__Your assignment__
Repeat the entries exactly as they appear.
======== Data section
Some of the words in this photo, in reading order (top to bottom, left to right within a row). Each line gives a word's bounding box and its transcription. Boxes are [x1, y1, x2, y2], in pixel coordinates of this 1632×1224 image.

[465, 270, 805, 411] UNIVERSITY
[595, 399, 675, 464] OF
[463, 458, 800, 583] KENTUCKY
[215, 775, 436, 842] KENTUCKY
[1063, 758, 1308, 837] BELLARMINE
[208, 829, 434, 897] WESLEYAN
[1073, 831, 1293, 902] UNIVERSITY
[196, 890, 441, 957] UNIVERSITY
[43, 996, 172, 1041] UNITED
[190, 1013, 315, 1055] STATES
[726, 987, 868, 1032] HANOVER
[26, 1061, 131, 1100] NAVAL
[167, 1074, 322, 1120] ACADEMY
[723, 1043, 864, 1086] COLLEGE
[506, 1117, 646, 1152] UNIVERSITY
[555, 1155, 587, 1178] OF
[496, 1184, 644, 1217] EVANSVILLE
================
__Exercise solution__
Some of the words in this photo, in reading order (top to bottom, left to right within a row). Each line gives a word's bounding box and its transcription. Boxes are [x1, y1, x2, y2], in pixel coordinates of this 1632×1224 image.

[465, 270, 805, 411] UNIVERSITY
[595, 399, 675, 464] OF
[463, 458, 800, 583] KENTUCKY
[215, 775, 436, 842] KENTUCKY
[1063, 758, 1308, 837] BELLARMINE
[208, 829, 434, 897] WESLEYAN
[1073, 831, 1293, 902] UNIVERSITY
[196, 890, 441, 957] UNIVERSITY
[43, 996, 172, 1041] UNITED
[190, 1013, 315, 1055] STATES
[726, 987, 868, 1032] HANOVER
[26, 1061, 131, 1100] NAVAL
[167, 1074, 322, 1120] ACADEMY
[723, 1043, 864, 1086] COLLEGE
[506, 1117, 646, 1152] UNIVERSITY
[555, 1155, 587, 1178] OF
[496, 1184, 644, 1217] EVANSVILLE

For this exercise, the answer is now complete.